You know how much we Europeans tend to consider this issue as important. The CAPP II and TIA and many other US attitudes on privacy are here regarded as ... disconcerting.

The real issue is: if the WhoIs is of any worth it must work. Overdoing it will only create a tendency to passive resistance (generalized wrong information) or to boycott (usage of other TLDs or open roots). Should the Iraqi war go on (our role here is to consider the DNS issues) I would fear a destabilization of the whole naming system should the fashion develop to internationalize and detach oneself from an US image (I understand that the US airline industry openly discussed that risk with the USG, we could not be serious if we did not at least consider it prior to adding to an increasingly questionned/resented system). I think that relaxing the WhoIS to its minimum necessity is now an absolute commercial need for NSI.
jfc




On 03:37 14/03/03, Neuman, Jeff said:

I usually do not step into these debates (since I am not a noncomm member, but I do like to follow the debates), but as a member of the US Policy Council, I have to correct a misunderstanding.  The US Policy Council discussed Whois Accuracy for several meetings and then I (along with the rest of Council) asked Mike to draw up the proposal that was being discussed.  Mike submitted the proposal, but it was in response to what we (the Council) asked him to and he volunteered to draft up our thoughts. 
 
I know for a fact that Michael is always championing Privacy rights (if you heard him speak in front of the FTC a few weeks ago, or attended his several presentations on Privacy laws with the Registrars and Registries). 
 
You can make whatever judgments you want, but I thought you might want the facts first.
-----Original Message-----
From: KathrynKL@aol.com [mailto:KathrynKL@aol.com]
Sent: Thursday, March 13, 2003 8:46 PM
To: DannyYounger@cs.com; discuss@icann-ncc.org
Subject: Re: [ncdnhc-discuss] my nomination for ICANN Board

Only a few weeks ago, here is Washington DC, I was on a panel with Michael.  The issue was Privacy and WHOIS, with a twist.  The US Federal Trade Commission wants much more accuracy in the WHOIS database -- as they pursue fraud across borders. 

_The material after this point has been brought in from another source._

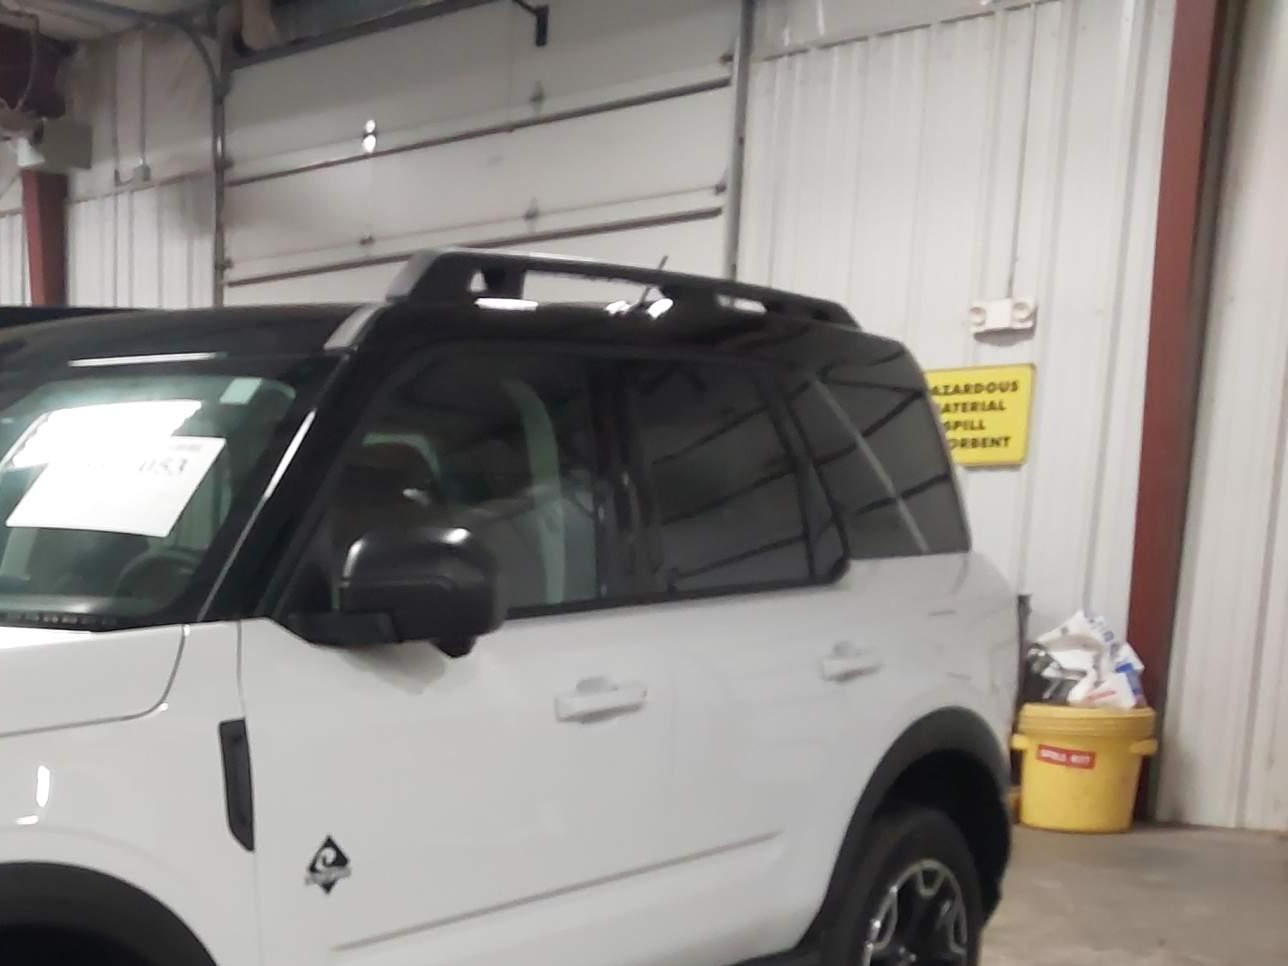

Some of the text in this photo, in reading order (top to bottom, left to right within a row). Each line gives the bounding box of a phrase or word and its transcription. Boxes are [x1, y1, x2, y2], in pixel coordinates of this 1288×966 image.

Marilyn Cade proposed her WHOIS Task Force Report as the "right answer" and the FTC was very supportive.  Michael said no.  He said that there were privacy reasons why the data required of domain name registrants should not be globally available to all.  He said that Marilyn's report was not the right answer, and we needed to explore better ways of improving accuracy and privacy. 

It was a strong position to take, and he did it with Marilyn on the panel, too.
kathy


With all due respect, at a time when the Community was in the midst of the
debate on WHOIS (accuracy vs. privacy), Michael Palage produced a document
for the .us Policy Council favoring "accuracy".  Please see
http://www.neustar.us/policycouncil/palage_whoisdata.pdf and decide for
yourself the degree to which Michael supports the views of this constituency.